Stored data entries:
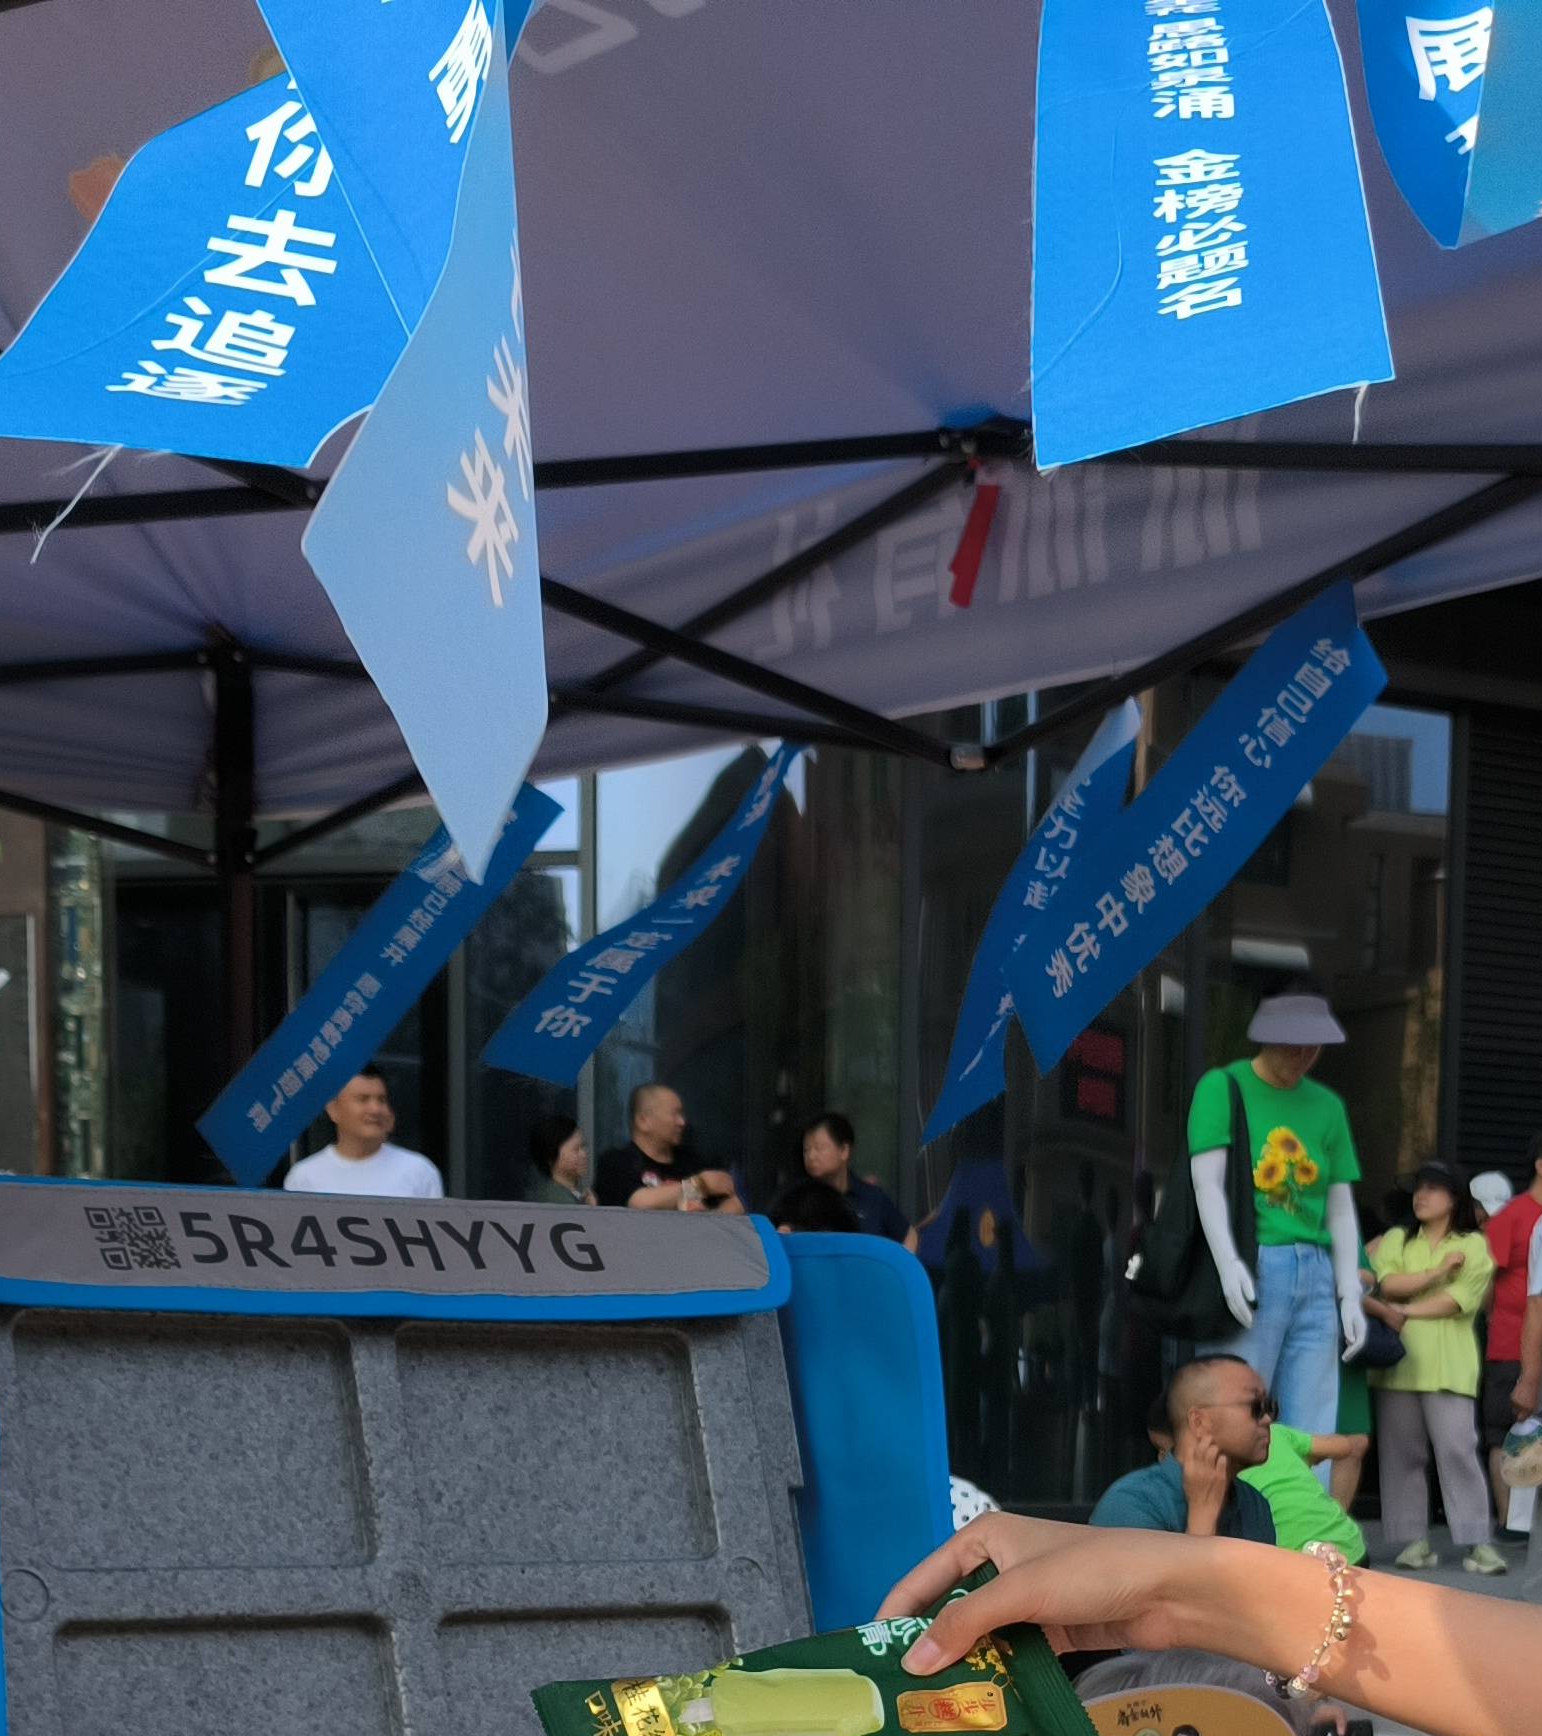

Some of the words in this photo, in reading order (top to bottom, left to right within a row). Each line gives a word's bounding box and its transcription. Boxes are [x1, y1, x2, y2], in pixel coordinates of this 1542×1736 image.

[105, 99, 338, 406] 你去追逐
[1152, 149, 1249, 320] 金榜必题名
[1242, 637, 1353, 770] 给自己信心
[533, 852, 743, 1041] 未来一定属于你
[1043, 763, 1249, 1001] 你远比想象中优秀
[179, 1210, 607, 1275] 5R4SHYYG
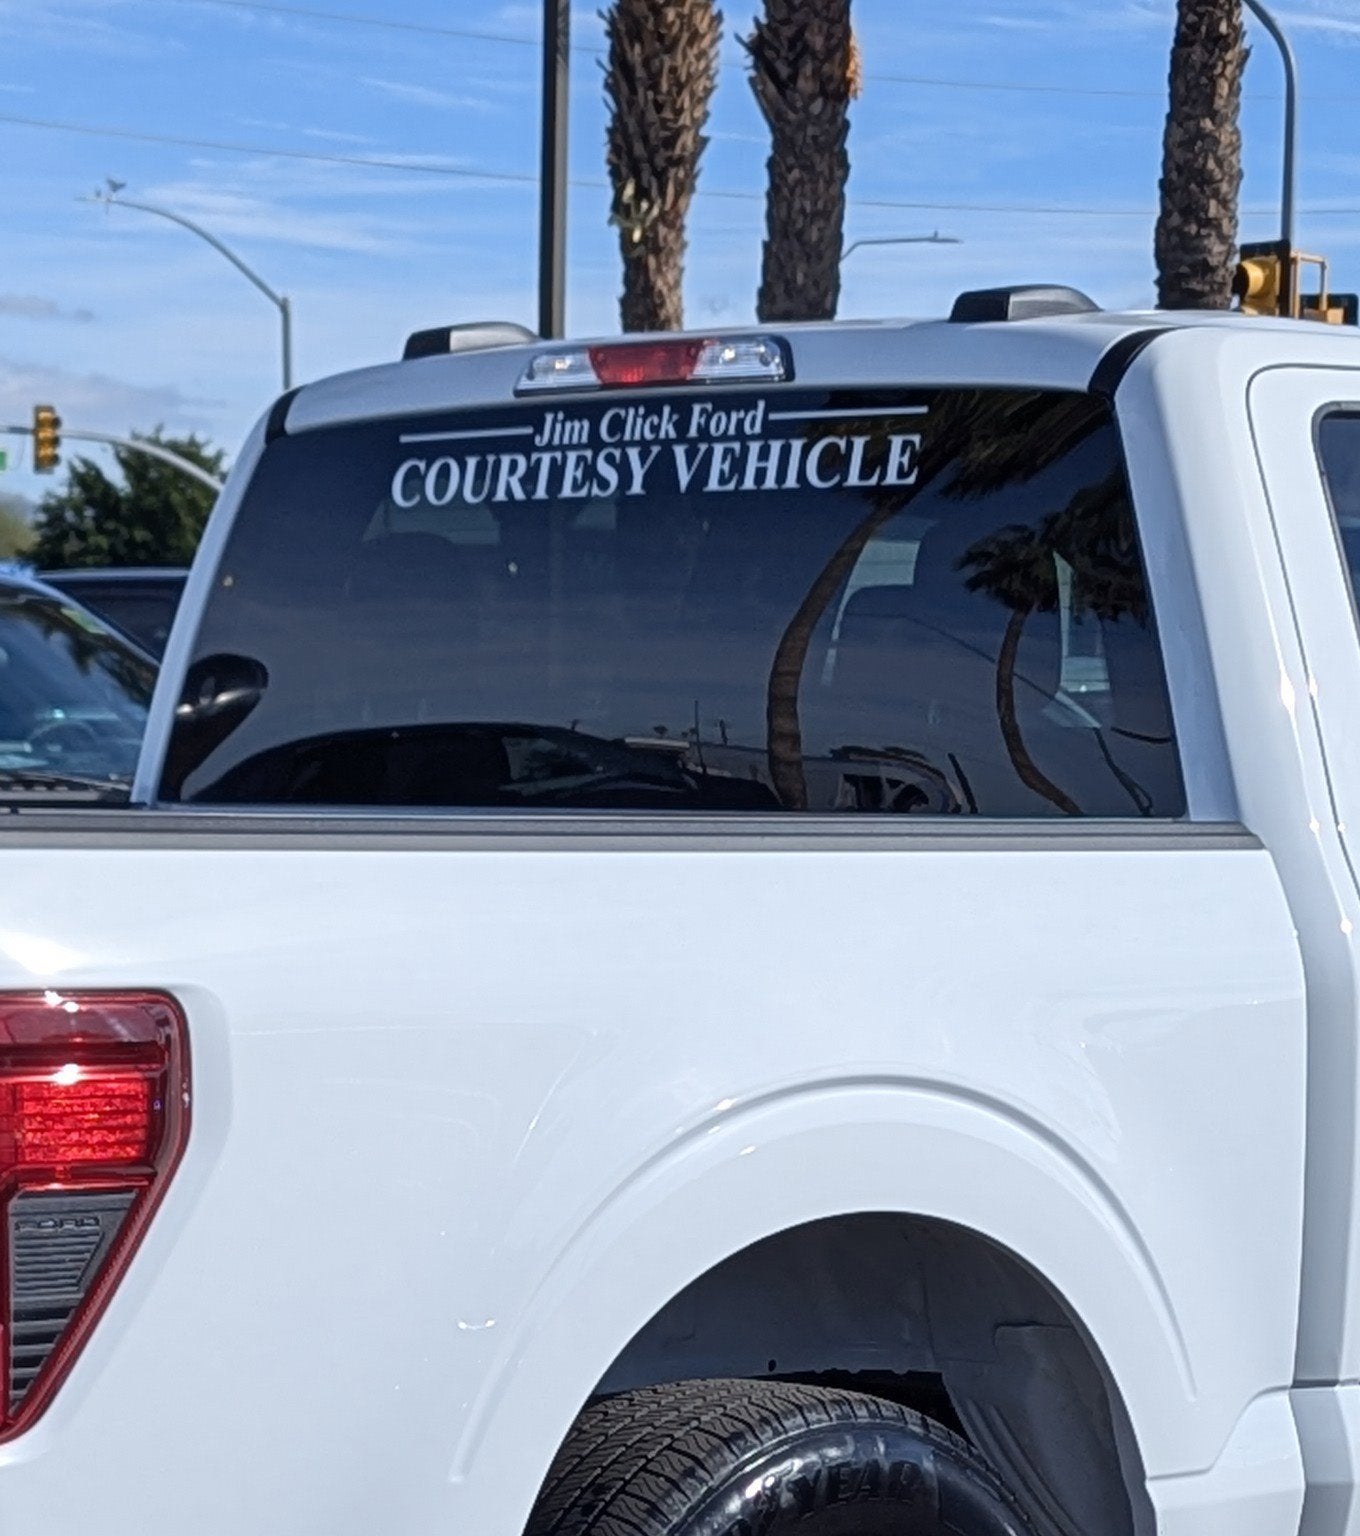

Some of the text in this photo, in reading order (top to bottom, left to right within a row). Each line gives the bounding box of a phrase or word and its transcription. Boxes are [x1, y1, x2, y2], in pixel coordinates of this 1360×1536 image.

[534, 401, 765, 446] Jim Click Ford
[391, 433, 921, 507] COURTESY VEHICLE

-- YOUR INSTRUCTIONS --
Only the lines from the one with "Some of the text" through the final line above belong in the answer, each reproduced word for word.

-- FINAL ANSWER --
Some of the text in this photo, in reading order (top to bottom, left to right within a row). Each line gives the bounding box of a phrase or word and its transcription. Boxes are [x1, y1, x2, y2], in pixel coordinates of this 1360×1536 image.

[534, 401, 765, 446] Jim Click Ford
[391, 433, 921, 507] COURTESY VEHICLE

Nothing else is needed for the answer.